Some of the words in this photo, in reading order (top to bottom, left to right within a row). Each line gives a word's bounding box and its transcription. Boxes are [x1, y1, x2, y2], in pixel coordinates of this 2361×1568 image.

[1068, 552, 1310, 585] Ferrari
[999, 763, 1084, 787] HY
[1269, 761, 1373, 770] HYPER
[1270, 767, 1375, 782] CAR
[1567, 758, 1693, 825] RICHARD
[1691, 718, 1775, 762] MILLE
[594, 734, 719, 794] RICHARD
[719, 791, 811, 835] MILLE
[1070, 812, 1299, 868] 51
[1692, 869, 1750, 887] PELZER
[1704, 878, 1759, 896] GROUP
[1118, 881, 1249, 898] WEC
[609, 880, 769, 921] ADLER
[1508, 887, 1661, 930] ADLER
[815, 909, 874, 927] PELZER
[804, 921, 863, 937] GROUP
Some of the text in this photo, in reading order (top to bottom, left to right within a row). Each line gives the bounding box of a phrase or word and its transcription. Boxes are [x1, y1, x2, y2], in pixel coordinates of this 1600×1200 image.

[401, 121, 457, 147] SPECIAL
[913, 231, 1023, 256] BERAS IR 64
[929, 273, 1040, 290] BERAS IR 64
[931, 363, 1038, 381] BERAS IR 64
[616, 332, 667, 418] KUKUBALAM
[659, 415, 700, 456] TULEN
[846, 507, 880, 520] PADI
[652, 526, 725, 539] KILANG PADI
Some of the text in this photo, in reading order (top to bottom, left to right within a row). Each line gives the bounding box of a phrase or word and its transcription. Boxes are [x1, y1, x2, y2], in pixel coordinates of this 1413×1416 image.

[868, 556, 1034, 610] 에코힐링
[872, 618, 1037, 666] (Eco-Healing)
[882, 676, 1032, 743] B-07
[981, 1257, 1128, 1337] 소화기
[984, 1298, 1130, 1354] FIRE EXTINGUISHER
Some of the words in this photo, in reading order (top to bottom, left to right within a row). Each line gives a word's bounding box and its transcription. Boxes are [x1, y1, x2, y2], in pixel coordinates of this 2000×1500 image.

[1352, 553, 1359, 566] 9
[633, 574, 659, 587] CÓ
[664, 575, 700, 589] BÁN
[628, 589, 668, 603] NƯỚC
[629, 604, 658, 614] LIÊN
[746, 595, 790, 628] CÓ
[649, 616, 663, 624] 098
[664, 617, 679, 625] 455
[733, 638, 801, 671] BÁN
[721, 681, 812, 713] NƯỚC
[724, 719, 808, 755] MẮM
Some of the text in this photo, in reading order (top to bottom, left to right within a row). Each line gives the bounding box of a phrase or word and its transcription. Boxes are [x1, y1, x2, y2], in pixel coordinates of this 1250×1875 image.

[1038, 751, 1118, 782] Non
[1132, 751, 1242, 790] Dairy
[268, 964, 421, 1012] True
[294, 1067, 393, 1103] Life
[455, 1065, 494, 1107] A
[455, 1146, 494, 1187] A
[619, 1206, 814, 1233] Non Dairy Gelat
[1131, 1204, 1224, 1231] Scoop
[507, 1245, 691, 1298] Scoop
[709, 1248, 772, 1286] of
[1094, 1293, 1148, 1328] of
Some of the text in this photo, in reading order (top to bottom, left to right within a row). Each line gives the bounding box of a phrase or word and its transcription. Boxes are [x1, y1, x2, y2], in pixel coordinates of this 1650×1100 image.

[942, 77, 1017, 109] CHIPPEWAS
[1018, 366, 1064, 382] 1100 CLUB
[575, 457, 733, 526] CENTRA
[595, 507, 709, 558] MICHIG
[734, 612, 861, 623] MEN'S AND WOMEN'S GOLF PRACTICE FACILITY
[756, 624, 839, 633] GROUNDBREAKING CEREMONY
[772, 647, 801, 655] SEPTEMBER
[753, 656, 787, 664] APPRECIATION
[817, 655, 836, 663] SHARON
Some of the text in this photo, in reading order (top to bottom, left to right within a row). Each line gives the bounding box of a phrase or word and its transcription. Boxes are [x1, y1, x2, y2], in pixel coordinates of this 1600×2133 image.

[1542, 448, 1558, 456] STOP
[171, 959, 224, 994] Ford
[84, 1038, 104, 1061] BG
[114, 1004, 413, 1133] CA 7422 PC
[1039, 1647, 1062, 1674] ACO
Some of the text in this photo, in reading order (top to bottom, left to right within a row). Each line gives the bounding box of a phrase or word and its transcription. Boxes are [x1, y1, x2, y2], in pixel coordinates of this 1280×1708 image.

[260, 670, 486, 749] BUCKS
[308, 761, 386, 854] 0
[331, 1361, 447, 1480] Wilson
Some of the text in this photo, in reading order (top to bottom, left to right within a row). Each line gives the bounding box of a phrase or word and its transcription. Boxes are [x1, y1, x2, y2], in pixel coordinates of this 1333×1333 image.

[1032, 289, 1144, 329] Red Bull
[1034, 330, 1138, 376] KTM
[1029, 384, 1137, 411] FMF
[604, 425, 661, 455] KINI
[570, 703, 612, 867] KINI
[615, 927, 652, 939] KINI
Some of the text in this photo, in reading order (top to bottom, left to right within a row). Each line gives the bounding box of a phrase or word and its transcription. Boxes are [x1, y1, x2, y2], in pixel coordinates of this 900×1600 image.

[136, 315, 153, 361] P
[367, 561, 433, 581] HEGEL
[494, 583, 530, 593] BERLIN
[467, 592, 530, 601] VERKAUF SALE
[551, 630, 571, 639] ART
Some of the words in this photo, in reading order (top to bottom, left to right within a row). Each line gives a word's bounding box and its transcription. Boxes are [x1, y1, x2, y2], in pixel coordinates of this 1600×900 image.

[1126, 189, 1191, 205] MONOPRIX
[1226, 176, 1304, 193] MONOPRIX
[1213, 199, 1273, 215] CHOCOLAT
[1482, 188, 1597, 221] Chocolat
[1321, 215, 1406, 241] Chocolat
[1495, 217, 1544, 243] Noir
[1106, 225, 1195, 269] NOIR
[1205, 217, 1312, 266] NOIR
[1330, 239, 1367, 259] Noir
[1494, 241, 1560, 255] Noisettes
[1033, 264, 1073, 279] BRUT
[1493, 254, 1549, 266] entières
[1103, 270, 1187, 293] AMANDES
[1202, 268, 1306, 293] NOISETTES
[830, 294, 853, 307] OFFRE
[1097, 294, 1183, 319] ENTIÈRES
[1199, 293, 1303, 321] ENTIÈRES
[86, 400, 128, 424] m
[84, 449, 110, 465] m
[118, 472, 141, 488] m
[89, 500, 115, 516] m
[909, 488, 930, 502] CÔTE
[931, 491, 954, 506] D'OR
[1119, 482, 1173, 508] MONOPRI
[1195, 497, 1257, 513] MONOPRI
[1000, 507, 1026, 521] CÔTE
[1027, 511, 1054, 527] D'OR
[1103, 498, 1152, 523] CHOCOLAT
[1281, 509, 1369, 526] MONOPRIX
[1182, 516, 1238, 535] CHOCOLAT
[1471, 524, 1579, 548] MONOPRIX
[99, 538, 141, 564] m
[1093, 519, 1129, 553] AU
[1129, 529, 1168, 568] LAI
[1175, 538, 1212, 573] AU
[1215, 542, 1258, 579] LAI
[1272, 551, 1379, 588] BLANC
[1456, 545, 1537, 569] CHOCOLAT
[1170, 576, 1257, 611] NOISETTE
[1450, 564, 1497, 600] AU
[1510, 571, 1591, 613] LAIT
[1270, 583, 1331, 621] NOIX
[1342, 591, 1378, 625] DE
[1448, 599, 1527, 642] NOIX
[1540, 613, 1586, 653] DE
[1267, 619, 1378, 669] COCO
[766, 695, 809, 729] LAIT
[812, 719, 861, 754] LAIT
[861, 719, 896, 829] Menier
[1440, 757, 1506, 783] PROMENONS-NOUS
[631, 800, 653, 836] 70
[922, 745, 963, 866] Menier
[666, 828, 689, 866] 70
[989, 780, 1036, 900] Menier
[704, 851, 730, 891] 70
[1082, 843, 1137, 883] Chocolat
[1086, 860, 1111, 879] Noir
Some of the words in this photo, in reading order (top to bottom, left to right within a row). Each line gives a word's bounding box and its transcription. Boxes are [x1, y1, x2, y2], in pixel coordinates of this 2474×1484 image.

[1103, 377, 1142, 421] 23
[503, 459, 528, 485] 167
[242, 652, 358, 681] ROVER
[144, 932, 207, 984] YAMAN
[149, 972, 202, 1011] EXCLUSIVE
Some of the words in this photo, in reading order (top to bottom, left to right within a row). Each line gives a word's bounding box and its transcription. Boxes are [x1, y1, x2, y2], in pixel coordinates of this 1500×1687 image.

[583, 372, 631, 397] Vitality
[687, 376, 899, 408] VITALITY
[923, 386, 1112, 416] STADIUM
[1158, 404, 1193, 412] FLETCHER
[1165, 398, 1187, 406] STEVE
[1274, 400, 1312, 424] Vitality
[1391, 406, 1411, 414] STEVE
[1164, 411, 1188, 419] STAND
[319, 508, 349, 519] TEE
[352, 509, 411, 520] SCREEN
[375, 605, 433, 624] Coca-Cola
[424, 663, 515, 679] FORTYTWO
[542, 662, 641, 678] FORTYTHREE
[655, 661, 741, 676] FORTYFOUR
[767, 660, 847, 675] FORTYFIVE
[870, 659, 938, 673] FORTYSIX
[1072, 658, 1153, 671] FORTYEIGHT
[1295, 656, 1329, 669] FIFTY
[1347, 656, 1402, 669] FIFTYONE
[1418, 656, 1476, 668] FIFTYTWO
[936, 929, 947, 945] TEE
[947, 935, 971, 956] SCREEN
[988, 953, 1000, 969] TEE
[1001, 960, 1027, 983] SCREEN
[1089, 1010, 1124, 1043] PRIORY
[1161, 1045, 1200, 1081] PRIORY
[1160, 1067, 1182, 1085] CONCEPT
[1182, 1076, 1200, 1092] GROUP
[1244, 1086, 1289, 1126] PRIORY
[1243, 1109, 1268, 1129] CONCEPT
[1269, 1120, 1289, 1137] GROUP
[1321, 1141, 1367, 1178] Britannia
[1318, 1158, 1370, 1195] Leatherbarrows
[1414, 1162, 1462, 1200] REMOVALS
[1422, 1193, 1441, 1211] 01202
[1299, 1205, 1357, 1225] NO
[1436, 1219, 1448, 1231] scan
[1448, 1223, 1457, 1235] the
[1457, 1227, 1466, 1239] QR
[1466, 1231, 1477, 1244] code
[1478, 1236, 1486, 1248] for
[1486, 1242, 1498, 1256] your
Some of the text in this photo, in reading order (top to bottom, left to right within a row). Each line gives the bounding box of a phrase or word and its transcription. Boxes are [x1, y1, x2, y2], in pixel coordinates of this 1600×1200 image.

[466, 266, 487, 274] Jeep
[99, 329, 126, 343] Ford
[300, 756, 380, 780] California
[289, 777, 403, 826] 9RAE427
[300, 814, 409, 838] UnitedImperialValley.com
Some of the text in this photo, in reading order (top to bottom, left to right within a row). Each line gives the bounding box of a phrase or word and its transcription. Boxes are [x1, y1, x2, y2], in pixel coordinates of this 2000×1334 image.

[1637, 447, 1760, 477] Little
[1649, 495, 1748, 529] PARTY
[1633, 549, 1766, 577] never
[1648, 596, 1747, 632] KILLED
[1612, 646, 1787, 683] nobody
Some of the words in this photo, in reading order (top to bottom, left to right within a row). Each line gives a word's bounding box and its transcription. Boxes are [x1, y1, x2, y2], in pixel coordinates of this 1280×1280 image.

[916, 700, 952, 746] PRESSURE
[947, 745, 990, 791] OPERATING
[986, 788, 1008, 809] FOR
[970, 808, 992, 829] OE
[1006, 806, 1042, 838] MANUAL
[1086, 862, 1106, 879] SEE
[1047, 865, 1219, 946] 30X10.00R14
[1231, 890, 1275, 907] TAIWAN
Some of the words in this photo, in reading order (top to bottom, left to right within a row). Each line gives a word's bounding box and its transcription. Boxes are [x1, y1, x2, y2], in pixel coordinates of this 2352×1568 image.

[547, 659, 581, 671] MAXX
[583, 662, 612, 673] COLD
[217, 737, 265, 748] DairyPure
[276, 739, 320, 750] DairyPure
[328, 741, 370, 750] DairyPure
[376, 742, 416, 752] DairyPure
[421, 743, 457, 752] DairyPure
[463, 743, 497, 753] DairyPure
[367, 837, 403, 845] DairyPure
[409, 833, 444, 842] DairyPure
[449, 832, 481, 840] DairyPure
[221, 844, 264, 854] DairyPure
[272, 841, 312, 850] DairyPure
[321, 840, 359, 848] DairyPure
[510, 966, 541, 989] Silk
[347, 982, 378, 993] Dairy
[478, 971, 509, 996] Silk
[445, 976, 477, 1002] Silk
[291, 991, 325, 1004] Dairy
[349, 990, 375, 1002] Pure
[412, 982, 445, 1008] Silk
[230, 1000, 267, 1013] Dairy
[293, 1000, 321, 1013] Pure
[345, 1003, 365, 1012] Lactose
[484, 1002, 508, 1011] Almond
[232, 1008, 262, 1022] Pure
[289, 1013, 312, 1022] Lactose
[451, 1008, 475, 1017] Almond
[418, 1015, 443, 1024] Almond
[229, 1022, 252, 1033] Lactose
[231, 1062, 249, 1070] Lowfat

[EXERCISE DESCRIPTION]: Would you transcribe, unchanged, every line of the material from the one containing "this 2352×1568 image." to the very end, including both, and nothing else?

[FINAL ANSWER]:
Some of the words in this photo, in reading order (top to bottom, left to right within a row). Each line gives a word's bounding box and its transcription. Boxes are [x1, y1, x2, y2], in pixel coordinates of this 2352×1568 image.

[547, 659, 581, 671] MAXX
[583, 662, 612, 673] COLD
[217, 737, 265, 748] DairyPure
[276, 739, 320, 750] DairyPure
[328, 741, 370, 750] DairyPure
[376, 742, 416, 752] DairyPure
[421, 743, 457, 752] DairyPure
[463, 743, 497, 753] DairyPure
[367, 837, 403, 845] DairyPure
[409, 833, 444, 842] DairyPure
[449, 832, 481, 840] DairyPure
[221, 844, 264, 854] DairyPure
[272, 841, 312, 850] DairyPure
[321, 840, 359, 848] DairyPure
[510, 966, 541, 989] Silk
[347, 982, 378, 993] Dairy
[478, 971, 509, 996] Silk
[445, 976, 477, 1002] Silk
[291, 991, 325, 1004] Dairy
[349, 990, 375, 1002] Pure
[412, 982, 445, 1008] Silk
[230, 1000, 267, 1013] Dairy
[293, 1000, 321, 1013] Pure
[345, 1003, 365, 1012] Lactose
[484, 1002, 508, 1011] Almond
[232, 1008, 262, 1022] Pure
[289, 1013, 312, 1022] Lactose
[451, 1008, 475, 1017] Almond
[418, 1015, 443, 1024] Almond
[229, 1022, 252, 1033] Lactose
[231, 1062, 249, 1070] Lowfat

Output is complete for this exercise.